The new UK Offshore Energy Workforce Transferability Review has also stated that for the UK to meet its target of producing 40 gigawatts of energy from offshore wind by 2030, 2,500 new wind turbines would need to be installed by then – the equivalent of one each weekday for the next nine years.
As well as forecasting a possible increase in the workforce, the study suggested roles in "decarbonised energies" – such as offshore wind and carbon capture utilisation and storage (CCUS) – would increase from just a fifth of jobs currently to almost two thirds by 2030.
With around 160,000 people currently directly and indirectly employed in the UK offshore energy sector, it is being predicted that this could grow to 200,000 or even 220,000 in the best-case scenario.

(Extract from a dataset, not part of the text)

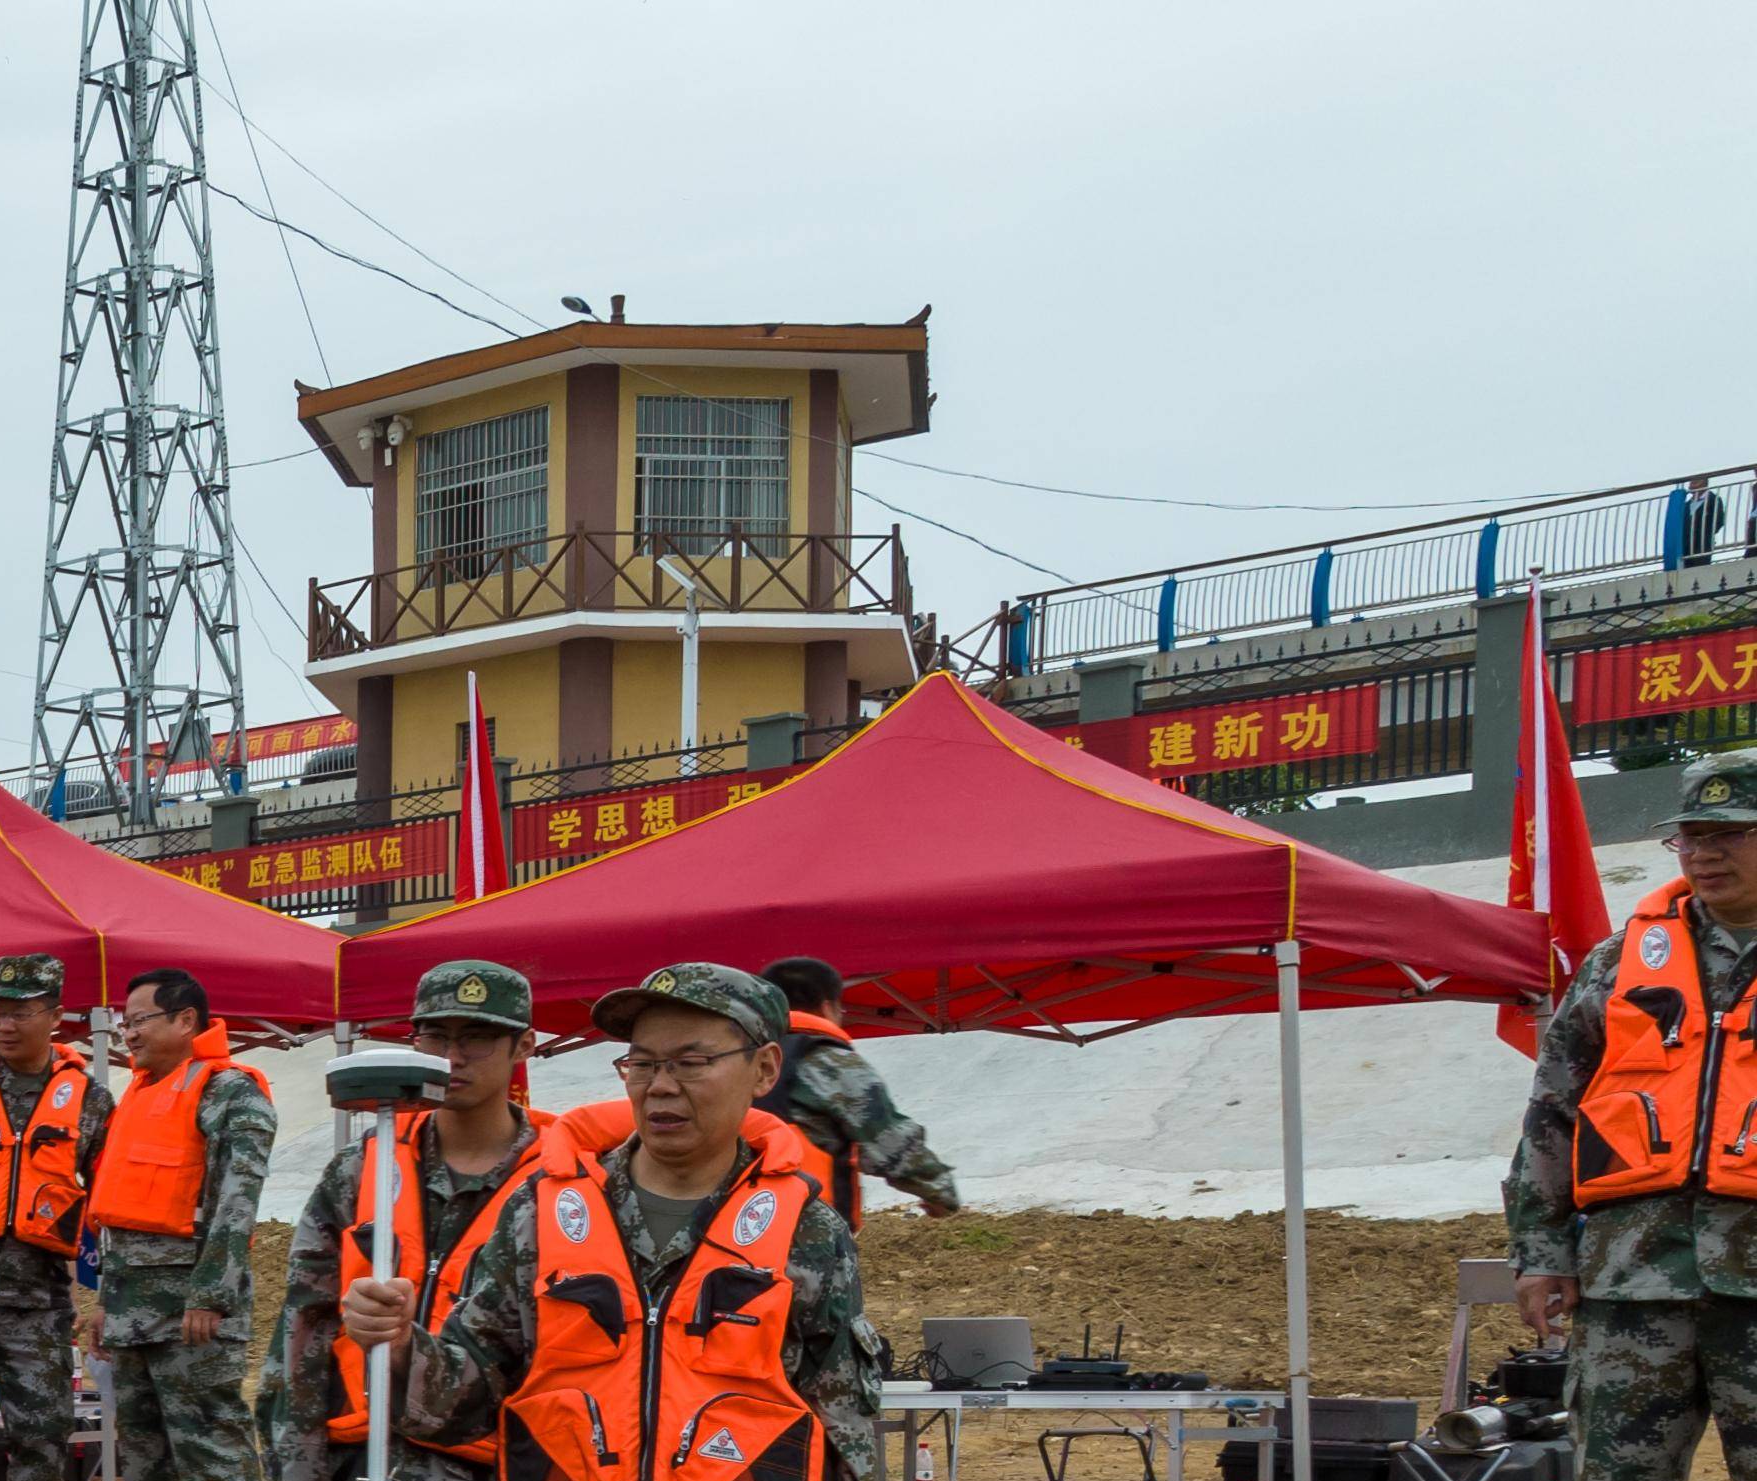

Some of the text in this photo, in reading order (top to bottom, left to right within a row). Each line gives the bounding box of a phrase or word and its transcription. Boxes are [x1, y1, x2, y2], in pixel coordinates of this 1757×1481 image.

[1148, 703, 1330, 769] 建新功
[547, 795, 677, 849] 学思想

The report also predicts that an estimated £170 billion could be invested in capital and operating activities in the UK offshore energy sector between 2021 and 2030 – with this taking in spending on oil and gas, offshore wind, CCUS and hydrogen.
But it warned that factors such as “reduced ambition” could see the workforce in the sector drop to 140,000 by 2030.

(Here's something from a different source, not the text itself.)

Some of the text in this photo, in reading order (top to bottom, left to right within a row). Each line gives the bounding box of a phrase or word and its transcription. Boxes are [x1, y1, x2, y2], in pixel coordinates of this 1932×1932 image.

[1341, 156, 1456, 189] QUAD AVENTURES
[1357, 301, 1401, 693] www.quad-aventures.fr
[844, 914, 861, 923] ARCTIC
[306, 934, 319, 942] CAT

As a result, the report said: "It is key that UK and devolved governments work together with the offshore energy sector to ensure the managed transition of skills and experience in a way that protects and sustains key UK energy jobs."
Professor Paul de Leeuw, director of the Energy Transition Institute at RGU and the review’s lead author, said: "This review highlights the material prize for the UK. Successful delivery of the UK and the devolved governments' energy transition ambitions has the opportunity to secure around 200,000 jobs in 2030 for the offshore energy workforce.
"With the overall number of jobs in the UK oil and gas industry projected to decline over time, the degree of transferability of jobs to adjacent energy sectors such as offshore wind, carbon capture and storage, hydrogen or other industrial sectors will be key to ensuring the UK retains its world-class skills and capabilities."
According to the report, more than 90 per cent of those working in the oil and gas sector have "medium to high skills transferability", making them "well positioned" to work in other parts of the offshore energy sector.
The Scottish government's new employment minister Richard Lochhead said: "Ensuring a just transition is critical for the energy sector and I welcome the findings of this review, which recognises that the knowledge and skills of the offshore oil and gas workforce are required for a successful and sustainable energy transition."
Alix Thom, workforce and skills manager with the trade body Oil & Gas UK, also commented, saying: "Many companies in our industry are already active in renewable energy, and this report confirms that our changing industry will continue to support jobs in communities across the UK for many years to come."